* [Given records]:
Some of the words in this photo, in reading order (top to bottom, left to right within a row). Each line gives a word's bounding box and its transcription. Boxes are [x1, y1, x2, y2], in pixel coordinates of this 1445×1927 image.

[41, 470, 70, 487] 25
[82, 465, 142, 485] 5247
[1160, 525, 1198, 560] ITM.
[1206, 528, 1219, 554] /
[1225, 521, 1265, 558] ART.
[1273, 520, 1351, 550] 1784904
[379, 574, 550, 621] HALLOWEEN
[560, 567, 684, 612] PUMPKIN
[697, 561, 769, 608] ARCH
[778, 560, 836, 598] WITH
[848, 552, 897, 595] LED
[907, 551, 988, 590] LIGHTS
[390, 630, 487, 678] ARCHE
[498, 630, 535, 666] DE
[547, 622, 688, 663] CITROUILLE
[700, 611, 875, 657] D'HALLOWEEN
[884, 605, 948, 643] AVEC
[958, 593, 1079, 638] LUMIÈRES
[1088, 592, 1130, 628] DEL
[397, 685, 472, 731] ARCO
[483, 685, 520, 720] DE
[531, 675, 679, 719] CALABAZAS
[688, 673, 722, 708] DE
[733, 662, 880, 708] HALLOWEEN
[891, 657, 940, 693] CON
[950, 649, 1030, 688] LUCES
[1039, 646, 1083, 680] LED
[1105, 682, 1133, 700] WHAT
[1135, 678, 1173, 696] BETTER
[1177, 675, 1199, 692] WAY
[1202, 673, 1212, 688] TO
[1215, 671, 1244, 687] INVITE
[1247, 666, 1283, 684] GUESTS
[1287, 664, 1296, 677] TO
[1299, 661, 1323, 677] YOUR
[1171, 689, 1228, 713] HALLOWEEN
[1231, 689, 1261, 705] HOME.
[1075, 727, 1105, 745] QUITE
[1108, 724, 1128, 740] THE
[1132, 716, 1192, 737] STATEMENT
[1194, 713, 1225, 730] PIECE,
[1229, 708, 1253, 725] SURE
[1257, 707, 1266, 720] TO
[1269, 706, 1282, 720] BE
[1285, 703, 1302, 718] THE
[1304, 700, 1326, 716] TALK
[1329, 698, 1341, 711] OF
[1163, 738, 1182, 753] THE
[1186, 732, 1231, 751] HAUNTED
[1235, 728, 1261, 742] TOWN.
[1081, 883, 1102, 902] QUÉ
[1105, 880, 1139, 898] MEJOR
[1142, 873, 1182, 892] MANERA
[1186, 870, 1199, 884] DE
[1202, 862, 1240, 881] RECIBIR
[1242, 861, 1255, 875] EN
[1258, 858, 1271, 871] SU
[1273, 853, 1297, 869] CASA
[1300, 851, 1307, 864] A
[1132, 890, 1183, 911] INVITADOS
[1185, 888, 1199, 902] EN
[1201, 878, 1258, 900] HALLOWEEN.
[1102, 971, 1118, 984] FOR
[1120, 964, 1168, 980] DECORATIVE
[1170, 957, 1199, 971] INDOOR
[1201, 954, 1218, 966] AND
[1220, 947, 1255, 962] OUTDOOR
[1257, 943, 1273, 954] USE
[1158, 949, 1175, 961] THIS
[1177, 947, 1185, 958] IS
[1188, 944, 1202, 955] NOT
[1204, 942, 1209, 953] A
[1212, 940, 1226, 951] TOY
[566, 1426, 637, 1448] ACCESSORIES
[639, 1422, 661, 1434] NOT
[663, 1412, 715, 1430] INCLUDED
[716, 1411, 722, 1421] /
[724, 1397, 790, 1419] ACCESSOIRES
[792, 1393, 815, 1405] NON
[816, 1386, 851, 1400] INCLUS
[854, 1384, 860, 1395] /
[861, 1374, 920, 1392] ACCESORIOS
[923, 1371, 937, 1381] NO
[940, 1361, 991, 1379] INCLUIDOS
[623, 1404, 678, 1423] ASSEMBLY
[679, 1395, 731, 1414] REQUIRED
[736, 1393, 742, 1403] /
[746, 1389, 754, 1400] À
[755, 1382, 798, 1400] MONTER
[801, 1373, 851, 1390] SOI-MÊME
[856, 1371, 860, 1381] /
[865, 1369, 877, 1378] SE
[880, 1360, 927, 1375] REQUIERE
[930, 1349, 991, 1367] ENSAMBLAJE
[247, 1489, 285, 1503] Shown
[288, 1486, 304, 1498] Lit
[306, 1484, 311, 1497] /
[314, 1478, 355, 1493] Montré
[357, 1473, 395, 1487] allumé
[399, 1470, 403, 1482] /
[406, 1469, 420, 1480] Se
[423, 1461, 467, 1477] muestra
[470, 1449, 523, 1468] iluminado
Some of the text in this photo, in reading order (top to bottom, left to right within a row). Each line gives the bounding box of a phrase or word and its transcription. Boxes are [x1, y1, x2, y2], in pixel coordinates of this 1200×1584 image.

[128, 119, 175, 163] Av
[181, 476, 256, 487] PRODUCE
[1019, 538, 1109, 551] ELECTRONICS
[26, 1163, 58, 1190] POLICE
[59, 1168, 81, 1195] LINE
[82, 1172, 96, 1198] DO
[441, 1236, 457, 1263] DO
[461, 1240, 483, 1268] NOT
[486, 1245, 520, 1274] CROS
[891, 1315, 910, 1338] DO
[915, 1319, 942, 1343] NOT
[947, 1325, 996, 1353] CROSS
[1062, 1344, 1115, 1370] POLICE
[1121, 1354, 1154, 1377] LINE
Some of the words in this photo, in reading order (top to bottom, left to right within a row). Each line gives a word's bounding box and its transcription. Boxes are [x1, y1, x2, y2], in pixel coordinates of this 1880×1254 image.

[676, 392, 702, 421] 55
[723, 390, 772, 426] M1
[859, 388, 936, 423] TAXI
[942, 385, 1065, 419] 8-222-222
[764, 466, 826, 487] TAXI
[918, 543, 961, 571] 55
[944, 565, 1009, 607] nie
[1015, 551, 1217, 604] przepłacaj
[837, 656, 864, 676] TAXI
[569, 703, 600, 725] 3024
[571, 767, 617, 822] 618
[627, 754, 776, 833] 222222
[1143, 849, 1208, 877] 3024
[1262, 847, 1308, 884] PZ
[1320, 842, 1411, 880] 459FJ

* [Your task]: Only lines with the word "image" belong in the answer; copy each of them from the material above.

* [Response to this exercise]:
Some of the words in this photo, in reading order (top to bottom, left to right within a row). Each line gives a word's bounding box and its transcription. Boxes are [x1, y1, x2, y2], in pixel coordinates of this 1445×1927 image.
Some of the text in this photo, in reading order (top to bottom, left to right within a row). Each line gives the bounding box of a phrase or word and its transcription. Boxes are [x1, y1, x2, y2], in pixel coordinates of this 1200×1584 image.
Some of the words in this photo, in reading order (top to bottom, left to right within a row). Each line gives a word's bounding box and its transcription. Boxes are [x1, y1, x2, y2], in pixel coordinates of this 1880×1254 image.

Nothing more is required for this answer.